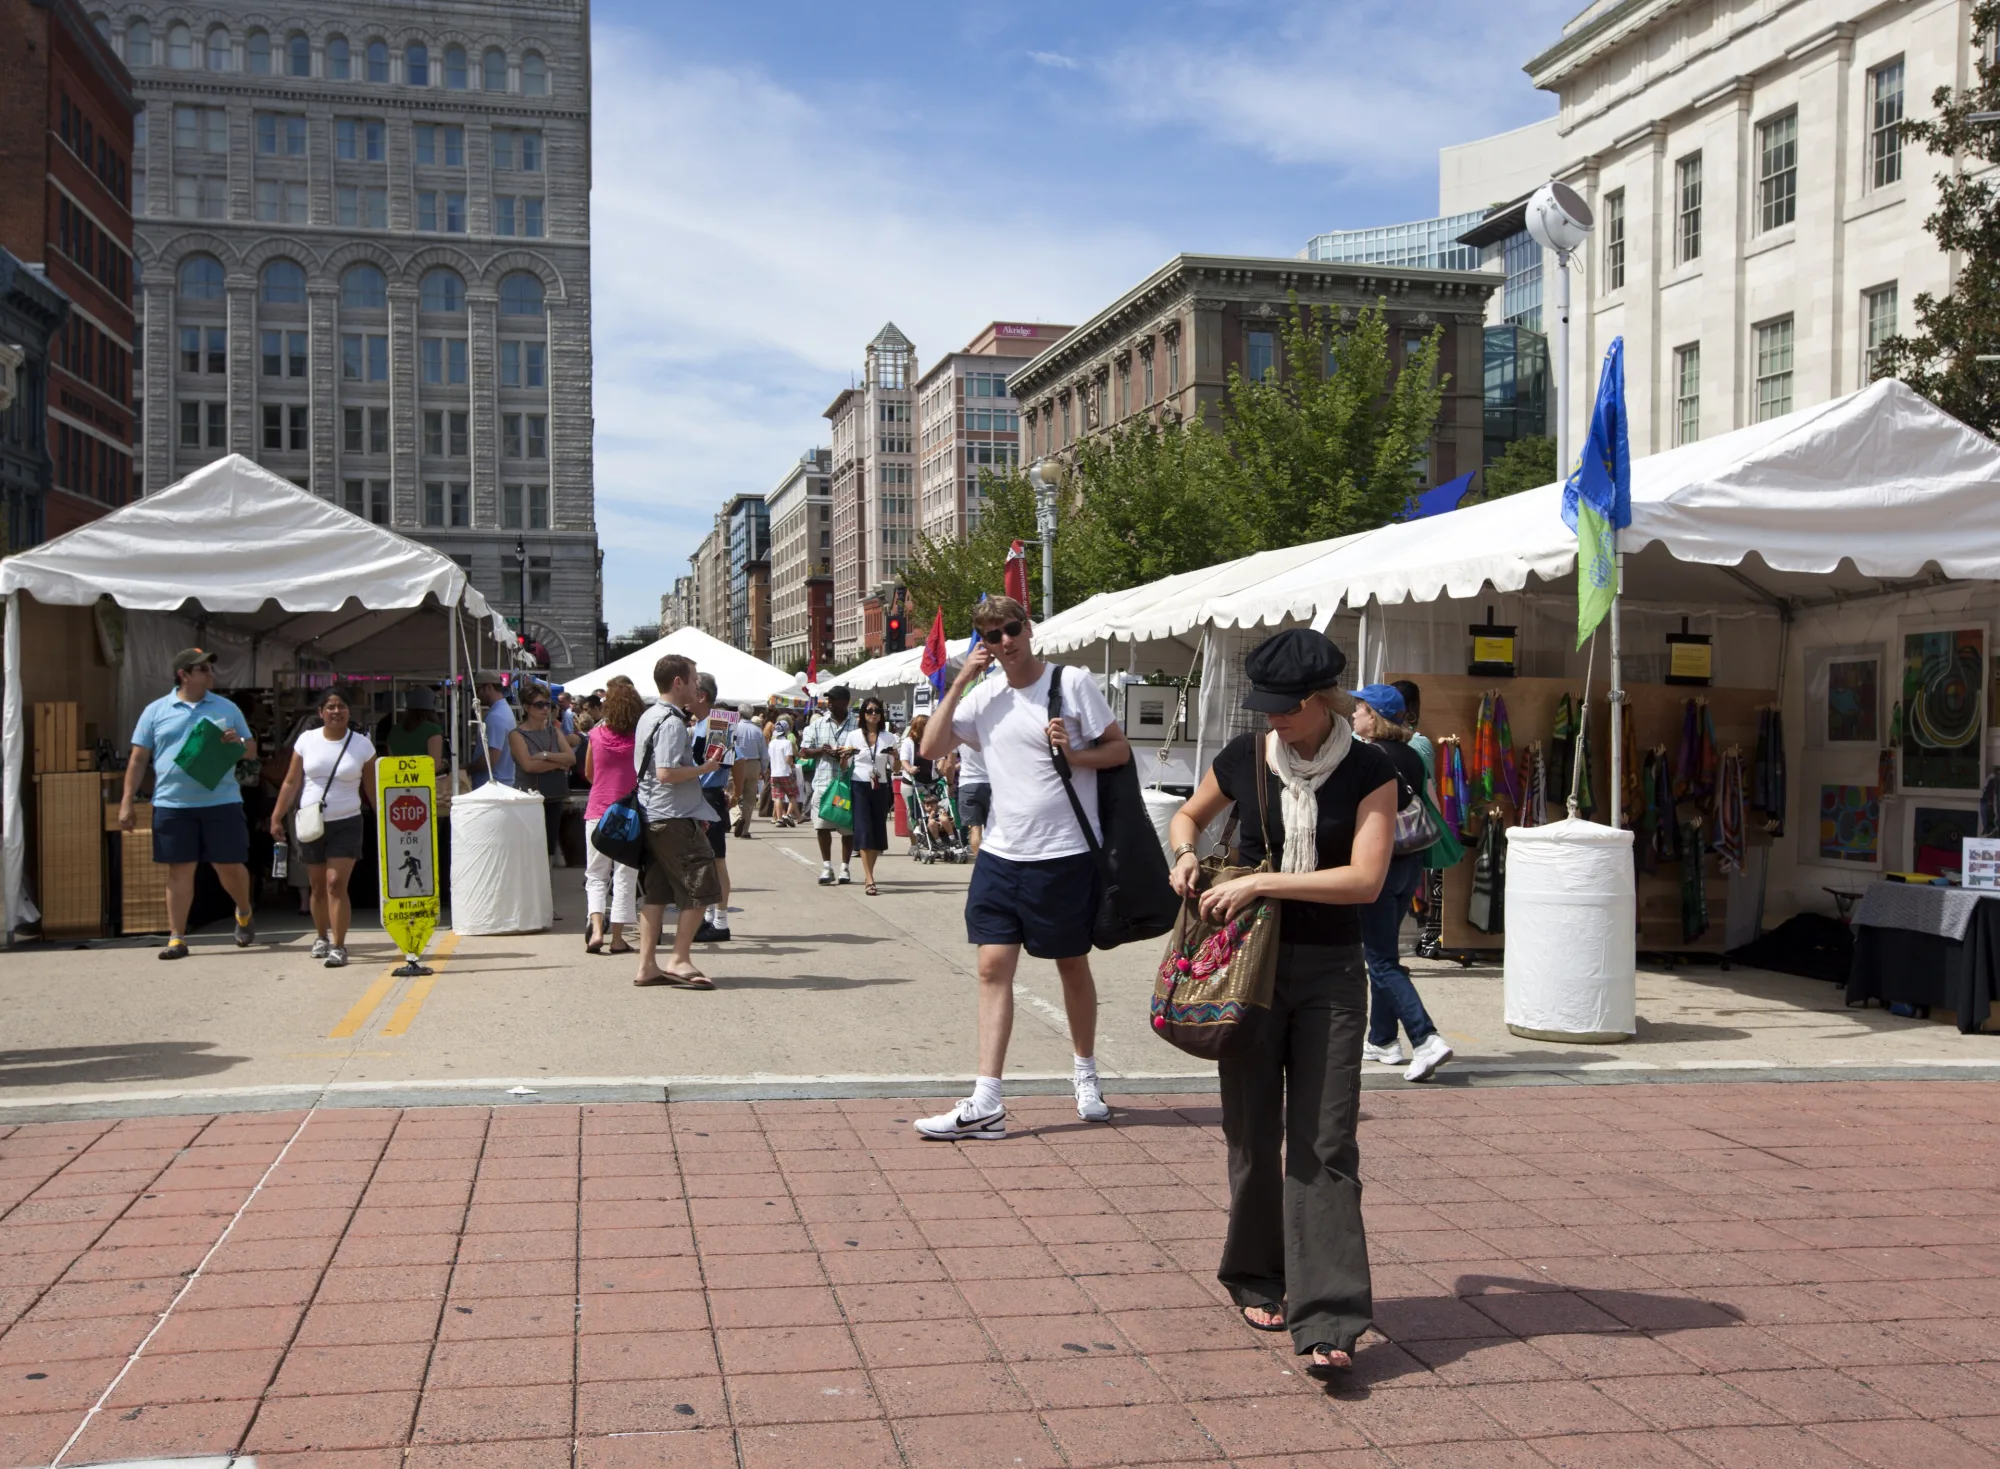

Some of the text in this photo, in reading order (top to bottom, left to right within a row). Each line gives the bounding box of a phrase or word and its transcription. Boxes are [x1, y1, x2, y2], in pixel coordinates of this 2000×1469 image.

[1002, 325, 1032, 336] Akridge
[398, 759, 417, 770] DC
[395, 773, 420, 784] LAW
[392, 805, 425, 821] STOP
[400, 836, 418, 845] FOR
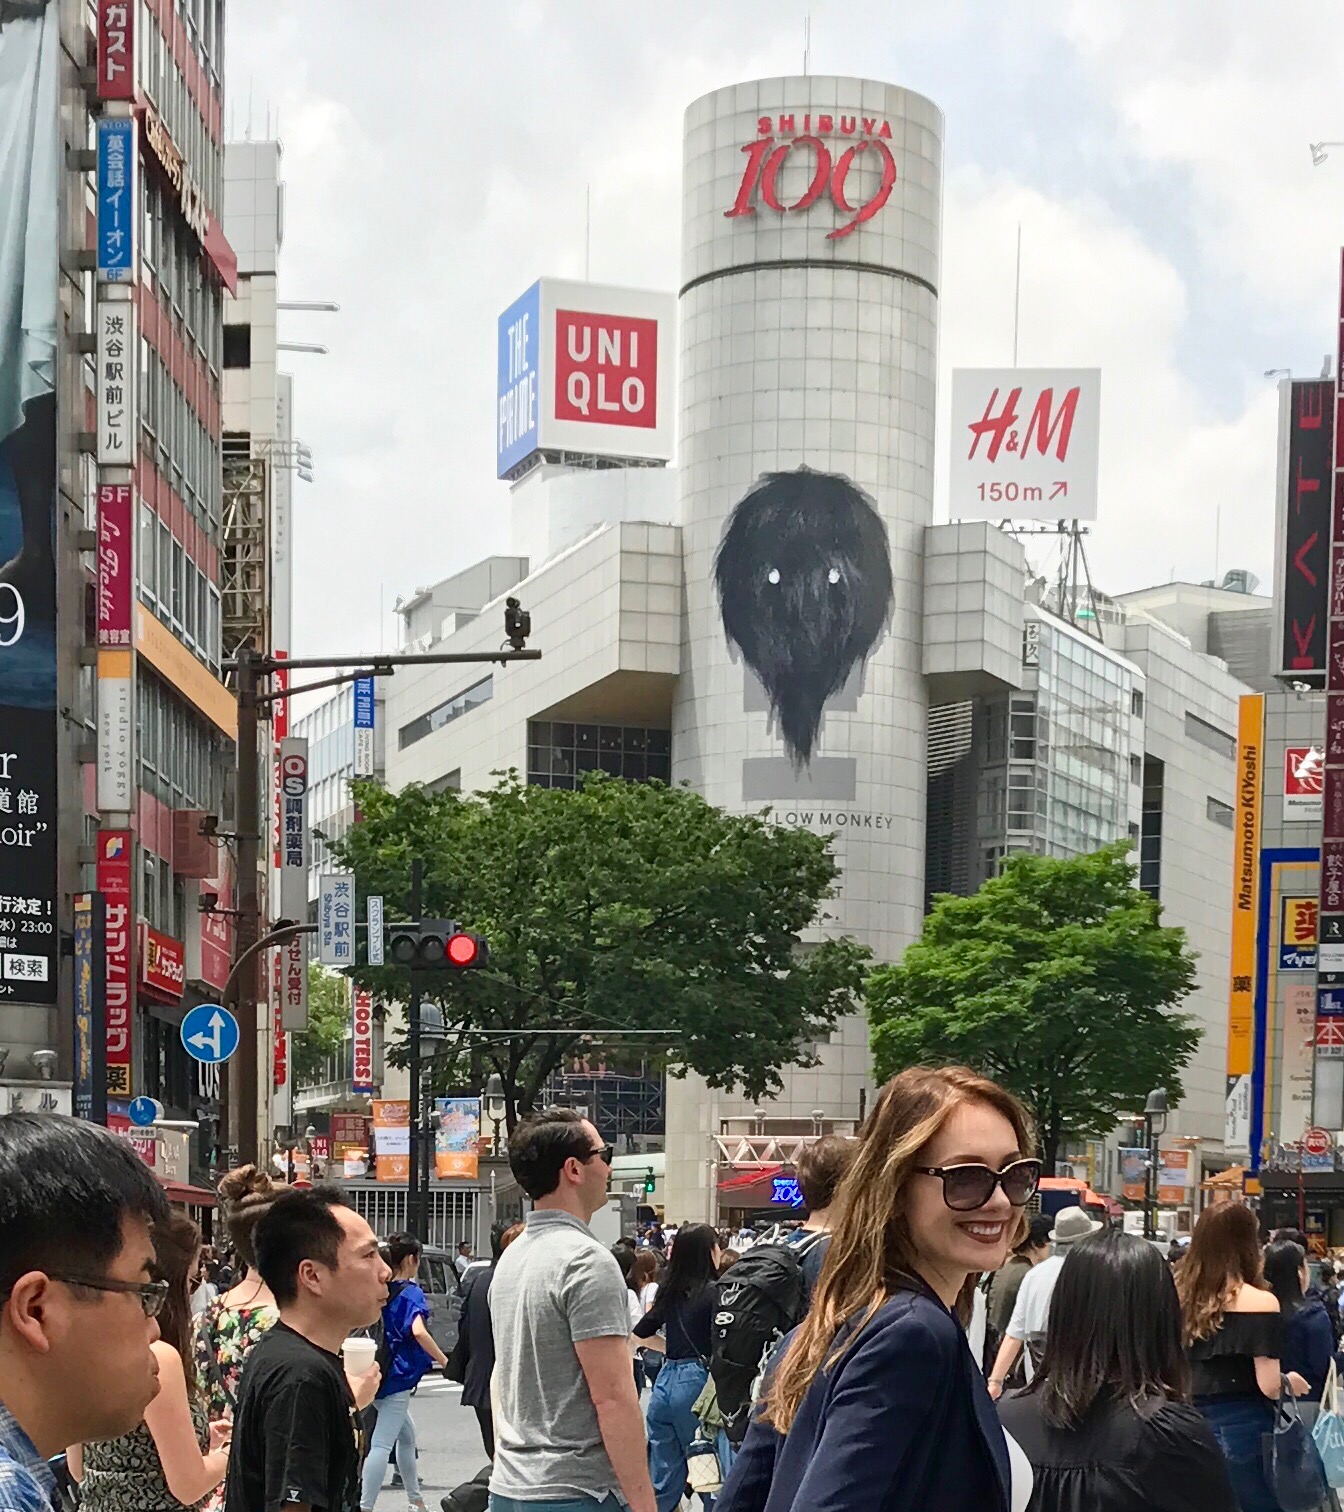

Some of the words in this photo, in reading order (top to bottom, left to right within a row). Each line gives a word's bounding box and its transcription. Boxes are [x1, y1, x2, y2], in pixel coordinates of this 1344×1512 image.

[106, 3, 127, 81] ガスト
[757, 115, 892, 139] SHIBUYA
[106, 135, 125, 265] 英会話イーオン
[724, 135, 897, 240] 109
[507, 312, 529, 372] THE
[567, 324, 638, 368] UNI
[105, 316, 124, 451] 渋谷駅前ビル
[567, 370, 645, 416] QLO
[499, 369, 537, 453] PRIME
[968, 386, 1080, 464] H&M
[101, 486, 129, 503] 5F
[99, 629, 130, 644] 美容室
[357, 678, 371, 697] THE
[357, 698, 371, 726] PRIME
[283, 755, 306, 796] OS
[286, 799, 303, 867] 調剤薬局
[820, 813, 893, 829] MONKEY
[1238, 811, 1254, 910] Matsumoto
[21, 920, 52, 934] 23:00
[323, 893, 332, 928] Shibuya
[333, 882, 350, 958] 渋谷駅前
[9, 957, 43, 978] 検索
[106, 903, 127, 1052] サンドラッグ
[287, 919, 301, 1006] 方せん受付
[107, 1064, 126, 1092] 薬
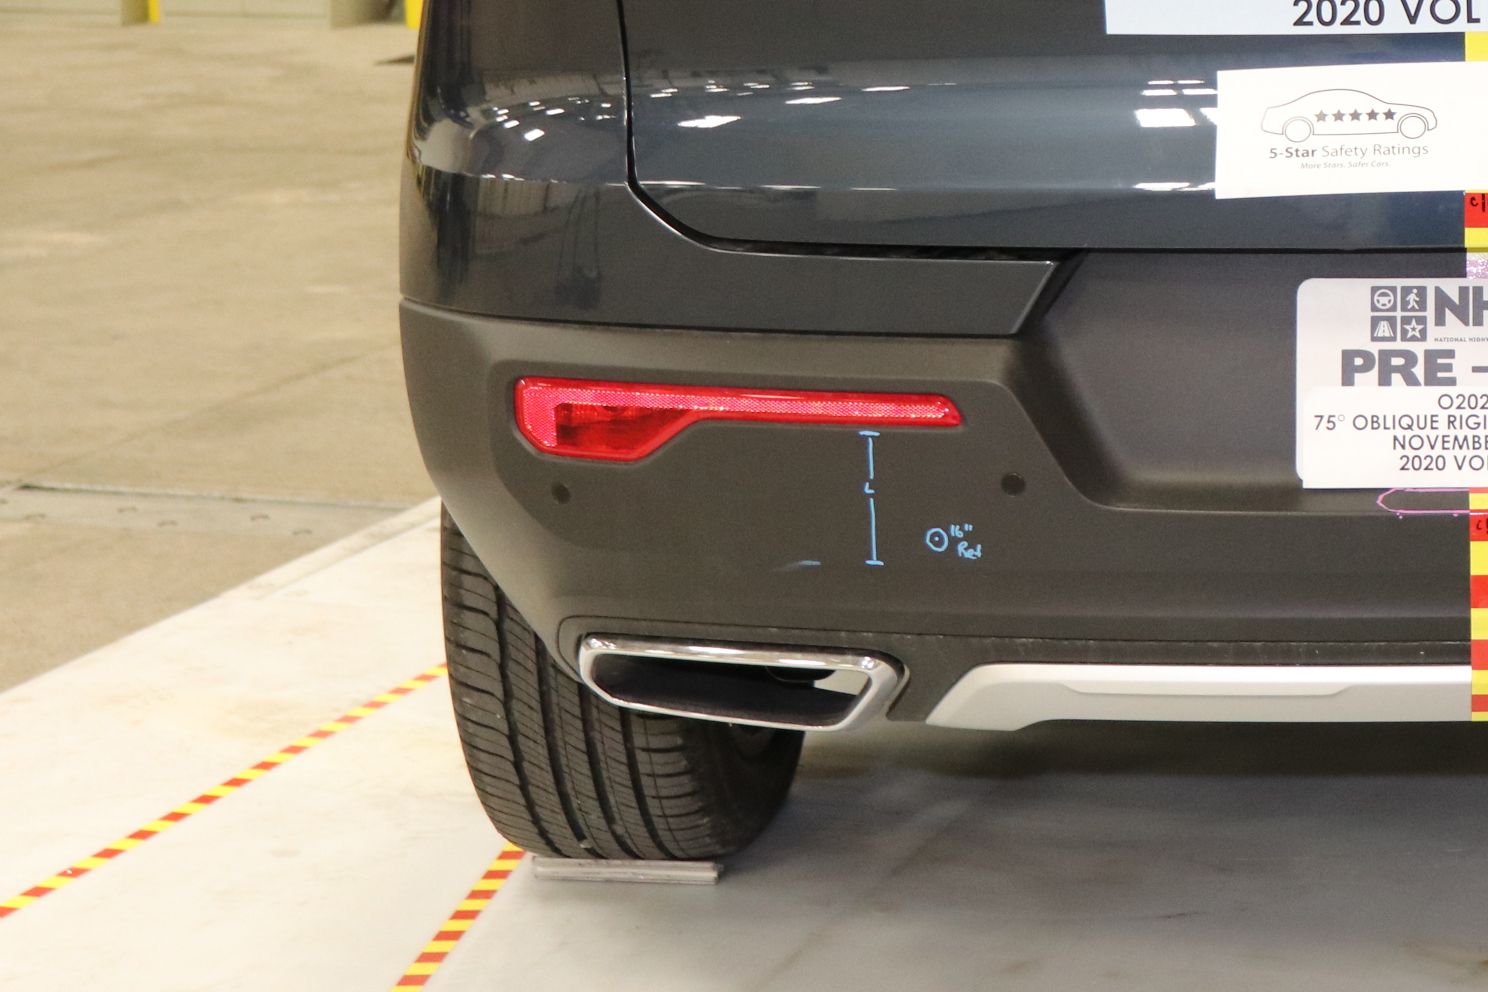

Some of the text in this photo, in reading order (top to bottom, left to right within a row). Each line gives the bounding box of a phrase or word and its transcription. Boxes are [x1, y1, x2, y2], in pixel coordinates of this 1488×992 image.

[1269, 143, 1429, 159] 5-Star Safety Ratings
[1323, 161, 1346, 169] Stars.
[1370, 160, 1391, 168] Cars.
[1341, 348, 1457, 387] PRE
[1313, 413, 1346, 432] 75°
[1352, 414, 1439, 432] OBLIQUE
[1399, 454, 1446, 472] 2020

◇ ◇ ◇ ◇ ◇ ◇ ◇

▶ [EXERCISE DIRECTIONS] Pictures are to be dropped, and the lines from the line with "Some of the words" through the end of the material above are to be reproduced exactly.

▶ [REPLY TO THE EXERCISE]
Some of the words in this photo, in reading order (top to bottom, left to right within a row). Each line gives a word's bounding box and its transcription. Boxes are [x1, y1, x2, y2], in pixel coordinates of this 1344×1512 image.

[106, 3, 127, 81] ガスト
[757, 115, 892, 139] SHIBUYA
[106, 135, 125, 265] 英会話イーオン
[724, 135, 897, 240] 109
[507, 312, 529, 372] THE
[567, 324, 638, 368] UNI
[105, 316, 124, 451] 渋谷駅前ビル
[567, 370, 645, 416] QLO
[499, 369, 537, 453] PRIME
[968, 386, 1080, 464] H&M
[101, 486, 129, 503] 5F
[99, 629, 130, 644] 美容室
[357, 678, 371, 697] THE
[357, 698, 371, 726] PRIME
[283, 755, 306, 796] OS
[286, 799, 303, 867] 調剤薬局
[820, 813, 893, 829] MONKEY
[1238, 811, 1254, 910] Matsumoto
[21, 920, 52, 934] 23:00
[323, 893, 332, 928] Shibuya
[333, 882, 350, 958] 渋谷駅前
[9, 957, 43, 978] 検索
[106, 903, 127, 1052] サンドラッグ
[287, 919, 301, 1006] 方せん受付
[107, 1064, 126, 1092] 薬

Some of the text in this photo, in reading order (top to bottom, left to right within a row). Each line gives the bounding box of a phrase or word and its transcription. Boxes are [x1, y1, x2, y2], in pixel coordinates of this 1488×992 image.

[1269, 143, 1429, 159] 5-Star Safety Ratings
[1323, 161, 1346, 169] Stars.
[1370, 160, 1391, 168] Cars.
[1341, 348, 1457, 387] PRE
[1313, 413, 1346, 432] 75°
[1352, 414, 1439, 432] OBLIQUE
[1399, 454, 1446, 472] 2020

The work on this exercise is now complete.